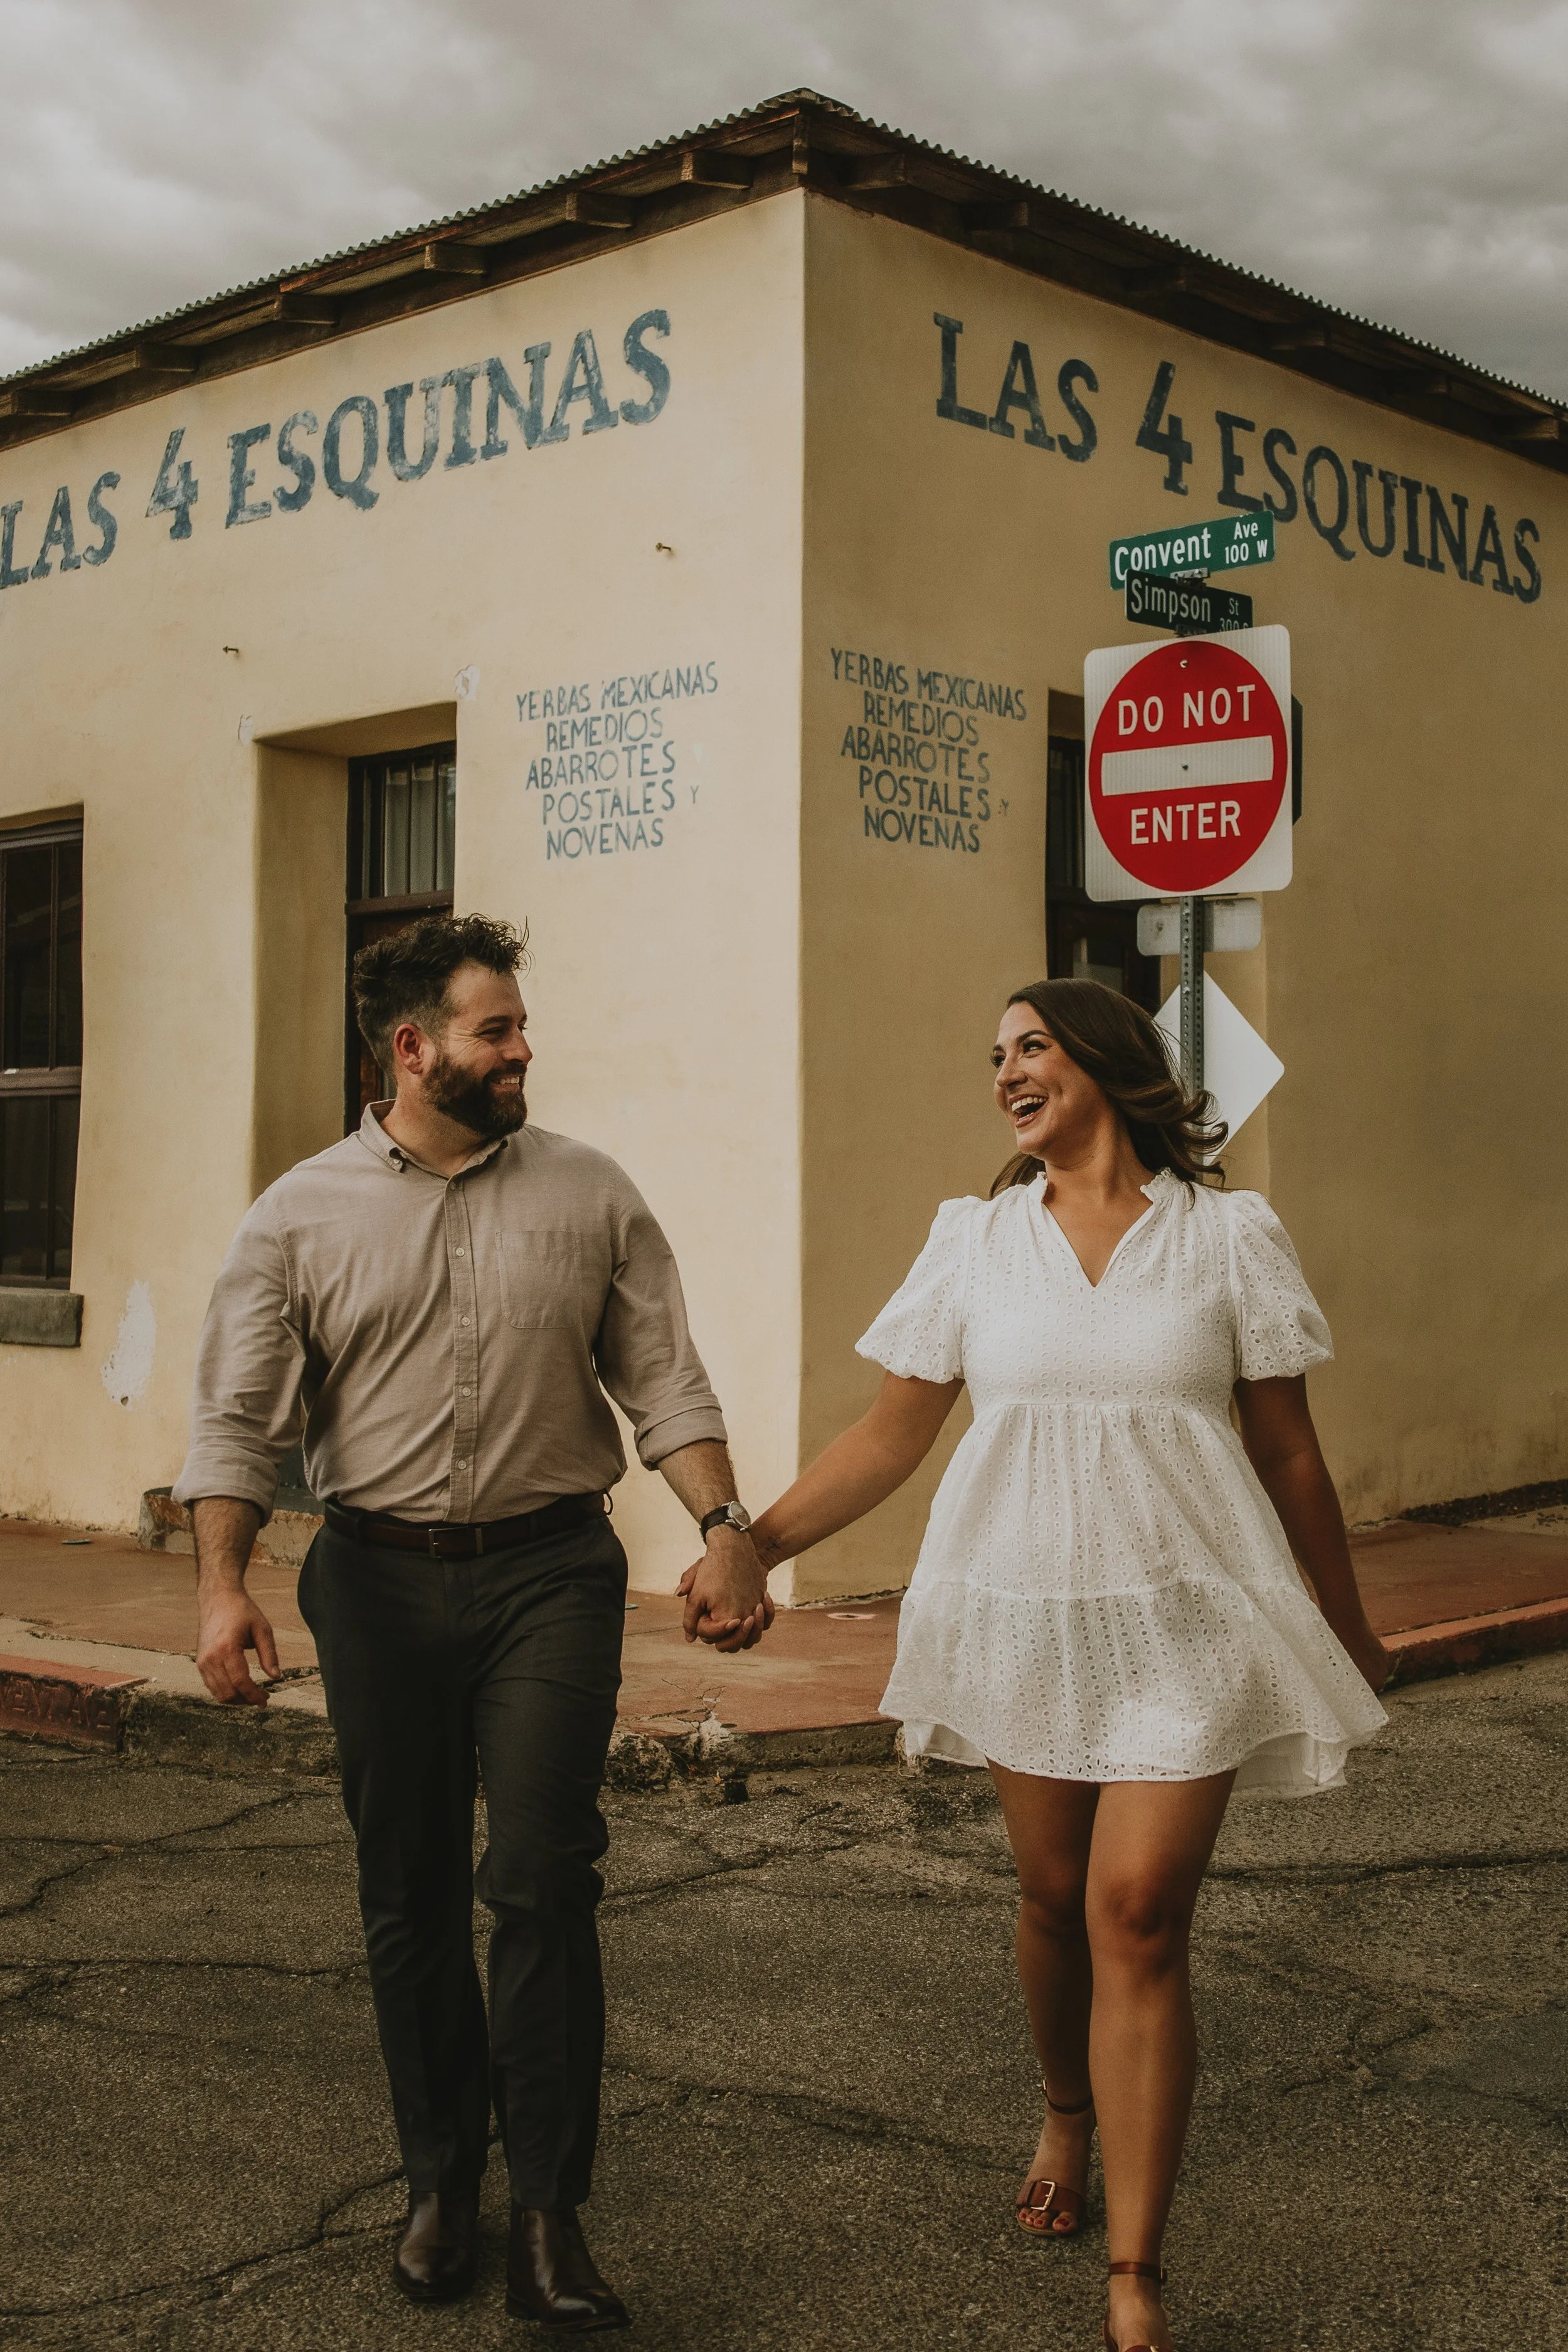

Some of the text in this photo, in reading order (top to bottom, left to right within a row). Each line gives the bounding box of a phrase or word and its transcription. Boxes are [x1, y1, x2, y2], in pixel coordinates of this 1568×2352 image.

§ §

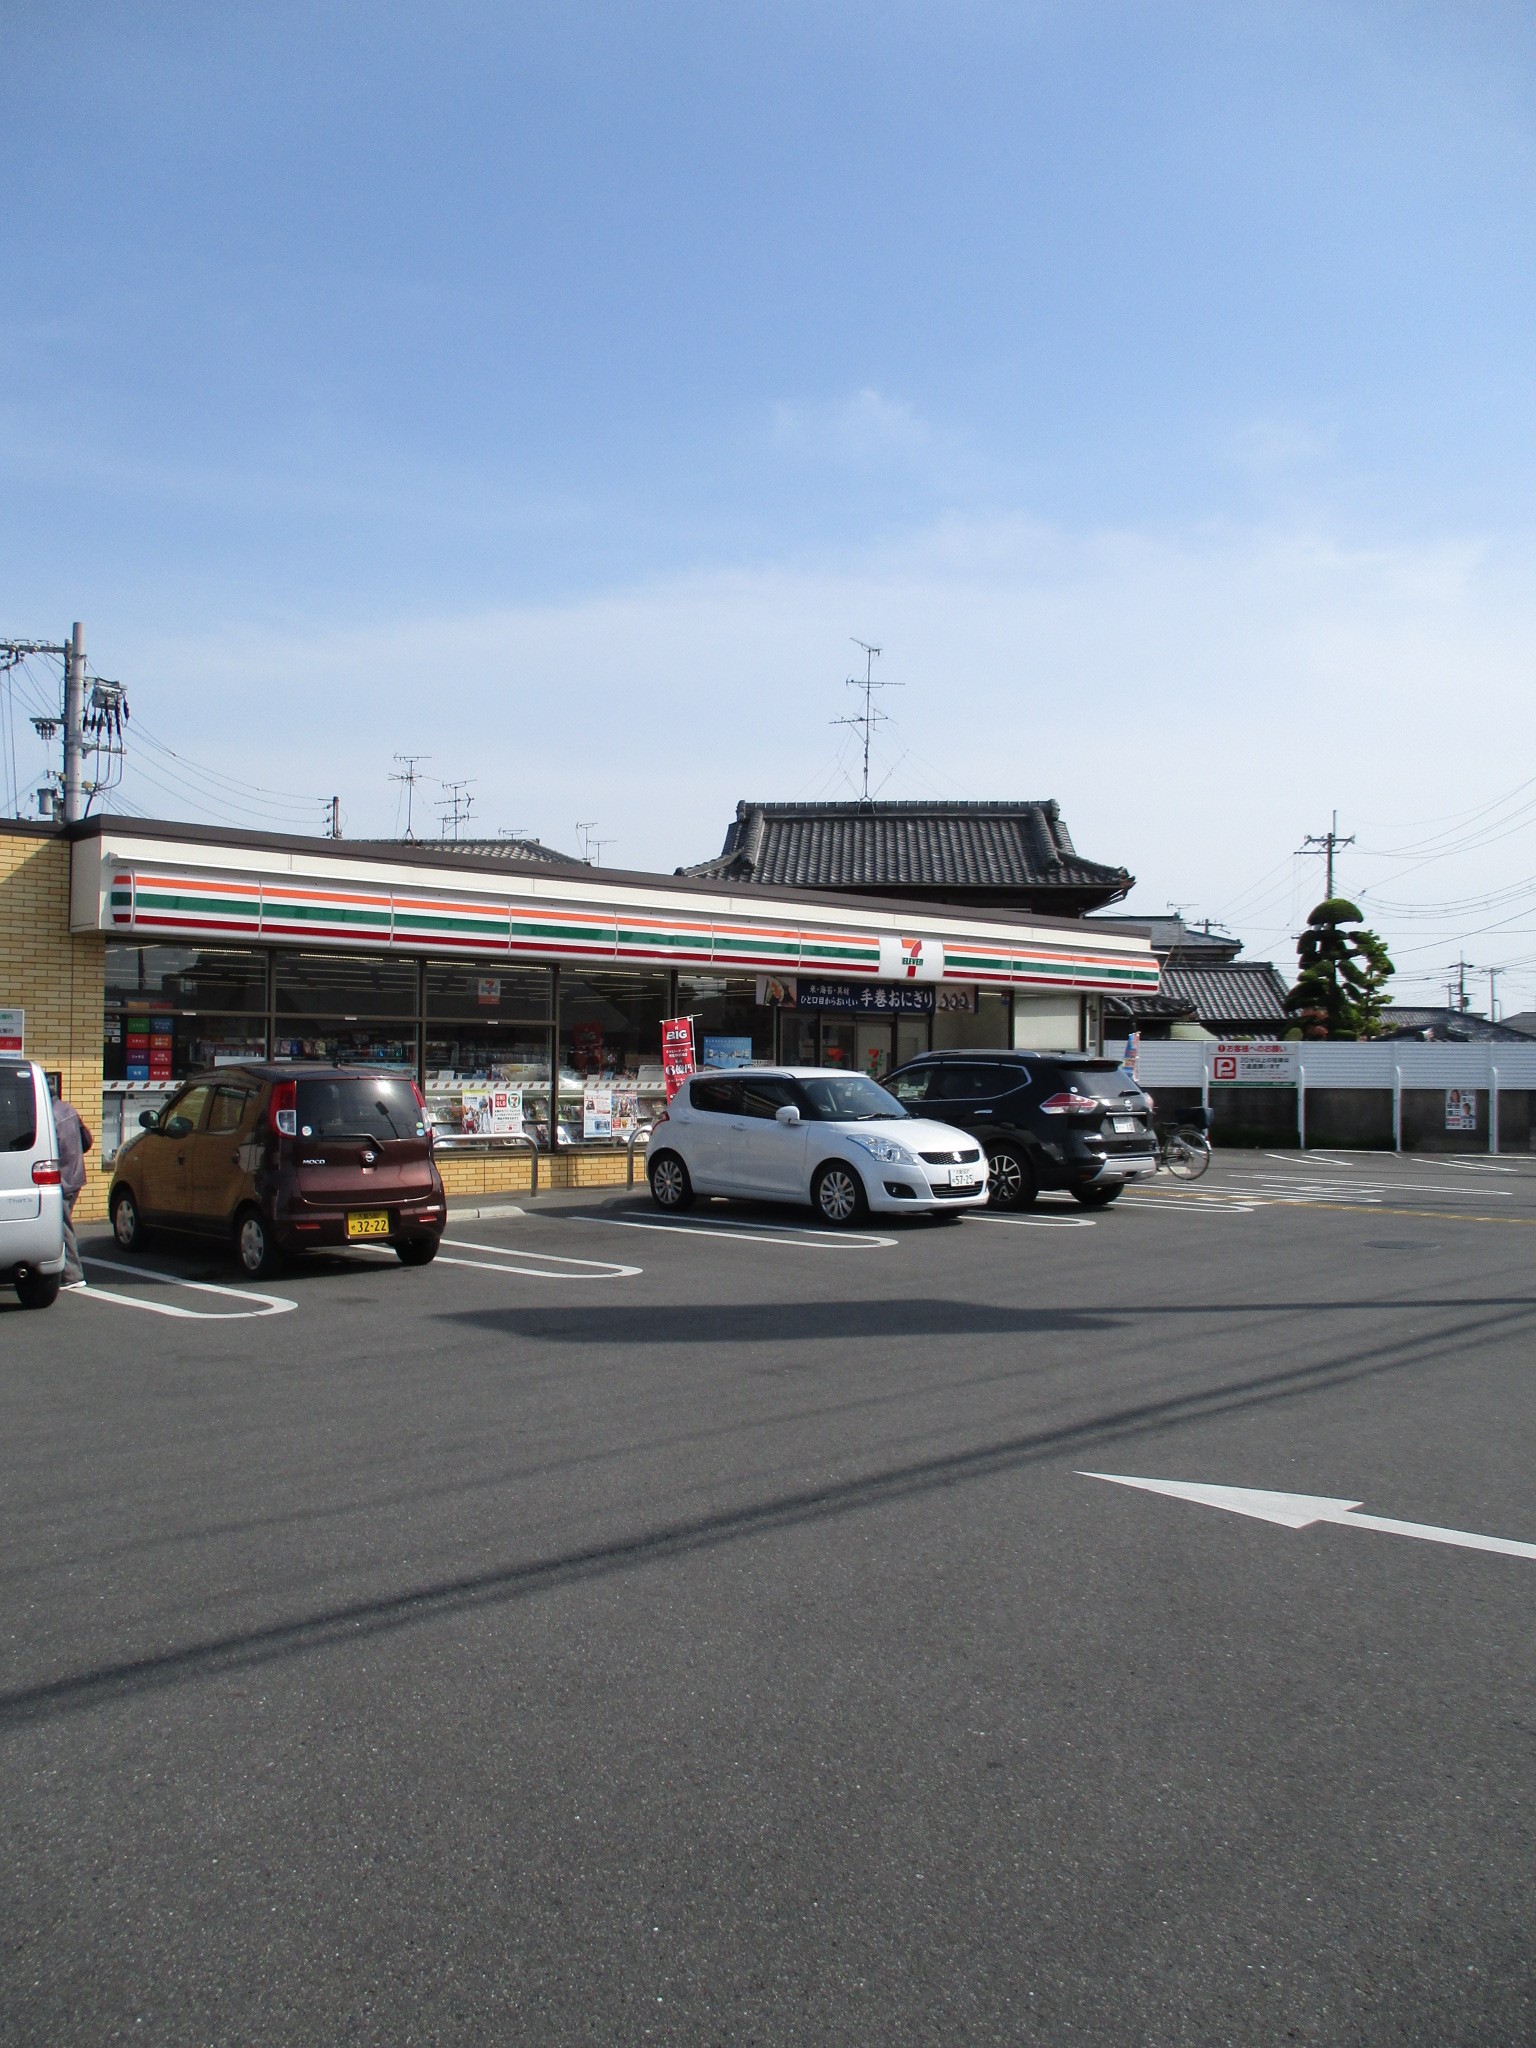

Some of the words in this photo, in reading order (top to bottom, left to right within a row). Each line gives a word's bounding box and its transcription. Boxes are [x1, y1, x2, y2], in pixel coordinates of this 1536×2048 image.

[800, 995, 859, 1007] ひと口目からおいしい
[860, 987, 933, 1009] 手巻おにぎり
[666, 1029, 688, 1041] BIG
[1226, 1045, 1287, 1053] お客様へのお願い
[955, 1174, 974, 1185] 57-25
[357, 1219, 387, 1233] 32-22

§ §

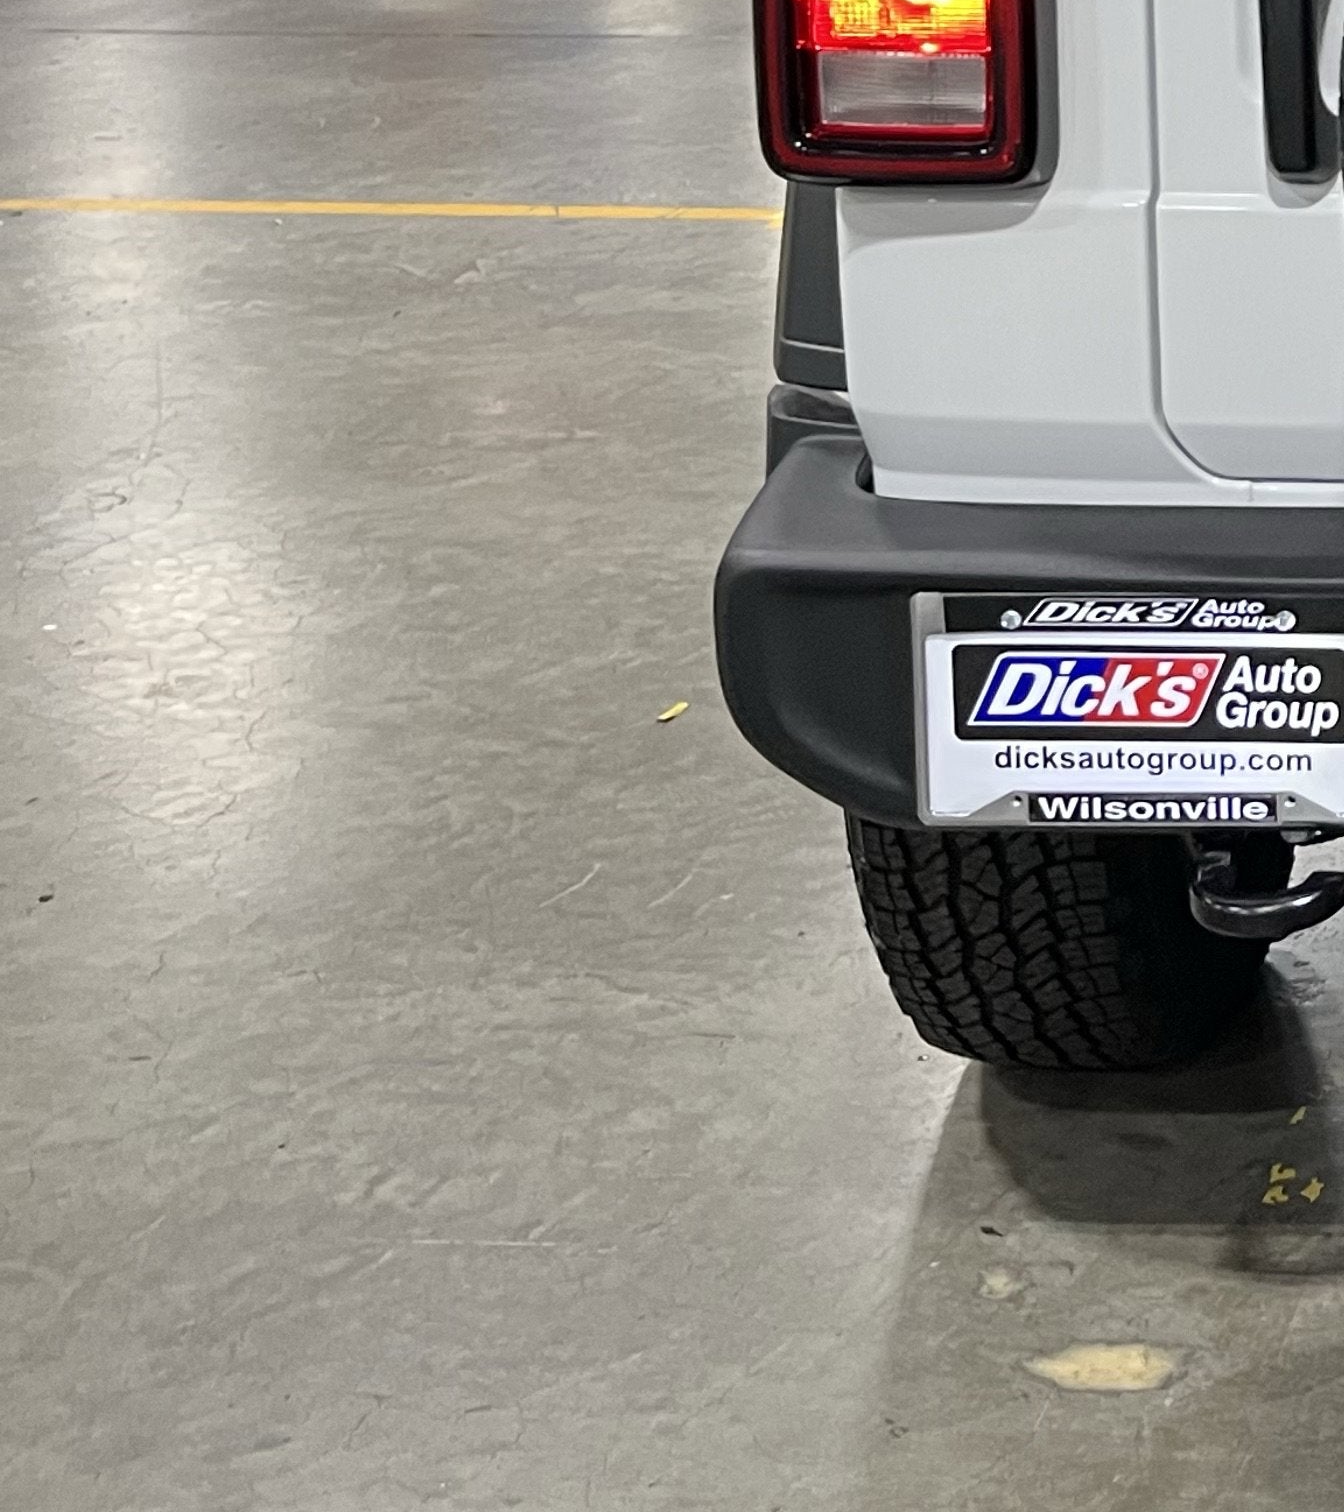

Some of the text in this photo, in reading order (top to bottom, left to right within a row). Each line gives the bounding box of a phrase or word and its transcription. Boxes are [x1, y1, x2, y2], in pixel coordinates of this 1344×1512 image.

§ §

Task statement >>
Across the listing above, find all lines where the word "phrase" is present and copy them.

Reply >>
Some of the text in this photo, in reading order (top to bottom, left to right within a row). Each line gives the bounding box of a phrase or word and its transcription. Boxes are [x1, y1, x2, y2], in pixel coordinates of this 1568×2352 image.
Some of the text in this photo, in reading order (top to bottom, left to right within a row). Each line gives the bounding box of a phrase or word and its transcription. Boxes are [x1, y1, x2, y2], in pixel coordinates of this 1344×1512 image.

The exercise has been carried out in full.